Right-Wingers Make Great Organizers — for the Left

God, Guns and Liberty rally draws a few dozen on the right, hundreds on the left

Local conservatives made good on their promise Saturday, Aug. 10, to bring a contentious rally to downtown Eugene despite strong push-back and concerns the rally could turn violent. It appears the one person arrested may have been a rally supporter pretending to be Antifa.

The so-called “God, Guns and Liberty” rally (formerly “God, Guns and Trump”) drew approximately 50 to 60 right-wing supporters while also bringing out around 250 to 300 counter-protesters and many more spectators from Saturday Market. Many rally-goers came armed, with some carrying AR-15 style assault rifles and wearing tactical gear.

The day started like any other summer Saturday in Eugene, with Saturday Market and Farmers Market attendees going about their business. Counter-protesters began assembling shortly before noon and by 1 pm God, Guns and Liberty rally-goers were on-scene.

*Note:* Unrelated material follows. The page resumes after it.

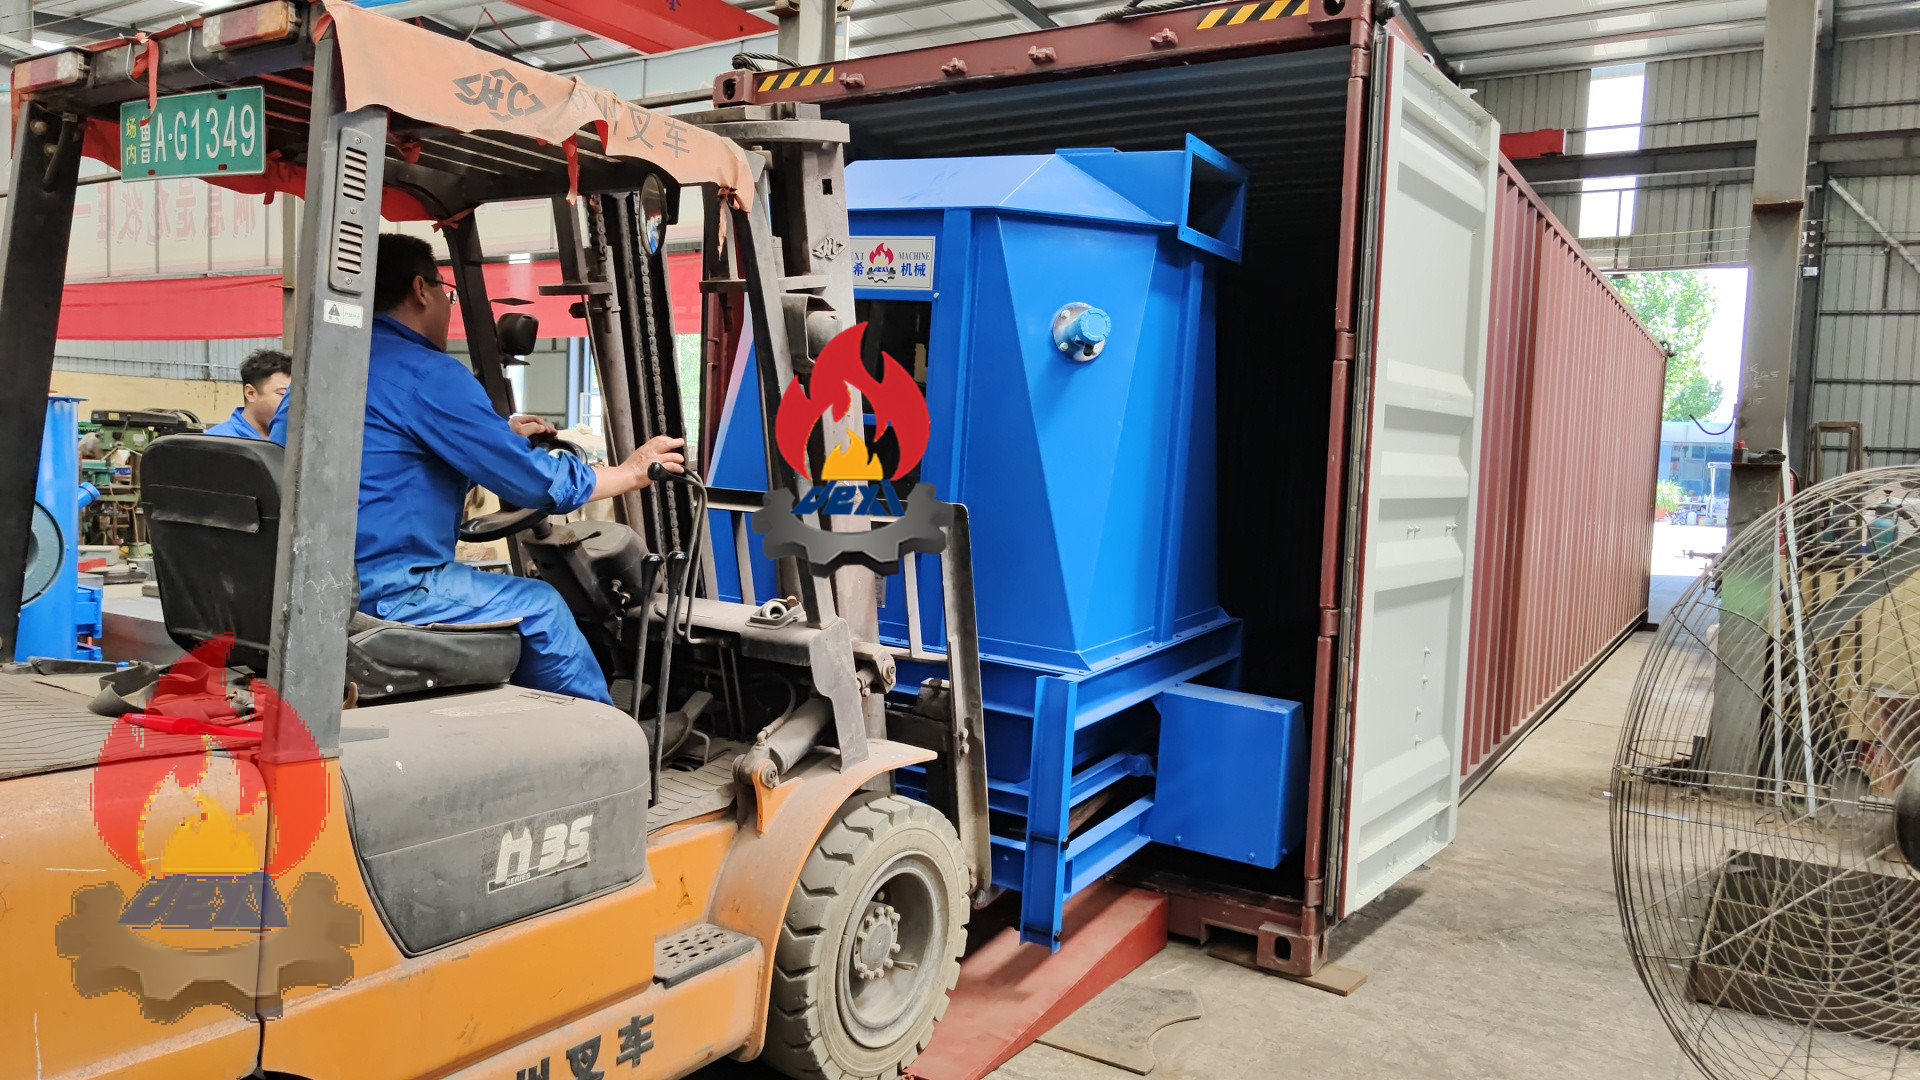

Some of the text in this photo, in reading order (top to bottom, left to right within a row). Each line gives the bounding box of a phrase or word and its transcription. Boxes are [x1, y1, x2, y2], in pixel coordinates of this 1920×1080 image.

[899, 252, 930, 260] MACHINE
[853, 262, 926, 277] 希 机械
[506, 872, 531, 886] SERIES

Before long, tensions flared. One of the day’s early scuffles occurred as rally-goers entered the Wayne Morse Free Speech Plaza. Other minor scuffles broke out throughout the day, most of which the Eugene Police Department (EPD) did not respond to. Capt. Erik Klinko said at a later press conference that  no one came forward at the time claiming to be the victim of an assault, though that could change later.

EPD had a contingent of riot police on hand inside the Lane County building, but those officers were never called upon. According to an EPD press release, Springfield police and Lane County Sheriff’s officers were also on hand to ensure EPD could police the rally and nearby events. 

The rally was originally planned to take place for two hours in the plaza, but after less than 15 minutes, the groups moved out to 8th Avenue. EPD responded by closing off 8th between Pearl Street and Oak Street. During the rest of the event, rally-goers were mostly hemmed-in on the sidewalk just outside the plaza, with counter-protesters chanting slogans like “Go home Nazi scum,” “No hate, no fear, immigrants are welcome here” and “No Trump, no KKK, no fascist USA,” which have been common at other counter protests.

The lone arrest came about halfway through the rally. Brandon Alan Howard, 33, who goes by “Brian Fife” on Facebook was arrested by EPD and charged with misdemeanor disorderly conduct after he was witnessed harassing counter-protesters. EPD said in a press release that Howard was found to have a wrench taped to his arm.

Howard’s online presence indicates he is a Trump supporter, but he was dressed like Antifa during the rally. Sometimes referred to as using “black-bloc” tactics, Antifa typically dresses in all black and will cover their faces with scarves, hoods and sunglasses. After the event, rally organizer Andrew Allwander referenced Antifa violence, and claimed online that Antifa had tried to punch rally-goers, seemingly referring to Howard.

Allwander also claims Howard harassed rally-goers. Eugene Weekly, however, witnessed Howard mingling peaceably amongst the group, even partially removing his mask when talking to some of them. When EW asked about the conversation, rally-goers responded only that Howard was “undercover.”

The event was mostly peaceful, and several counter-protesters worked to lighten tensions in more unconventional ways, such as one man dancing near the rally-goers while wearing only a thong — an act many found amusing.

Sarah Skochko, of the Unitarian Universalist Church said she was there to express her beliefs.

“This is an act of faith. The fascists wanted to bring God into it, and so the God contingent is showing up. And I just find it really interesting that people make gods of their own imagining, and they just happen to look like themselves.

“Our faith as Unitarian Universalists calls us to show up in the name of justice and in the name of peace.” 

Jason Marks, 54, of Lane County said he was at the rally to show support for the Second Amendment and didn’t see being armed with an AR-15 style rifle at the rally as intimidating. When asked if he supports Donald Trump’s presidency, he said only that he voted for him and he supports the office of the presidency no matter who holds the position. He added he has some reservations about Trump.

City Councilor Emily Semple, who was among the counter-protesters as a private citizen and not as a representative of the city said that, while not ideal, she was happy the rally went off mostly peacefully. She said she was there partly to see what was happening but also to stand up with the people she supports. When asked if she thought the event was a success as far as remaining mostly peaceful, she said she did.

Semple said, “I think on a lot of levels it was good — expression of free speech and it got this community of activists off their couch and to interact again.”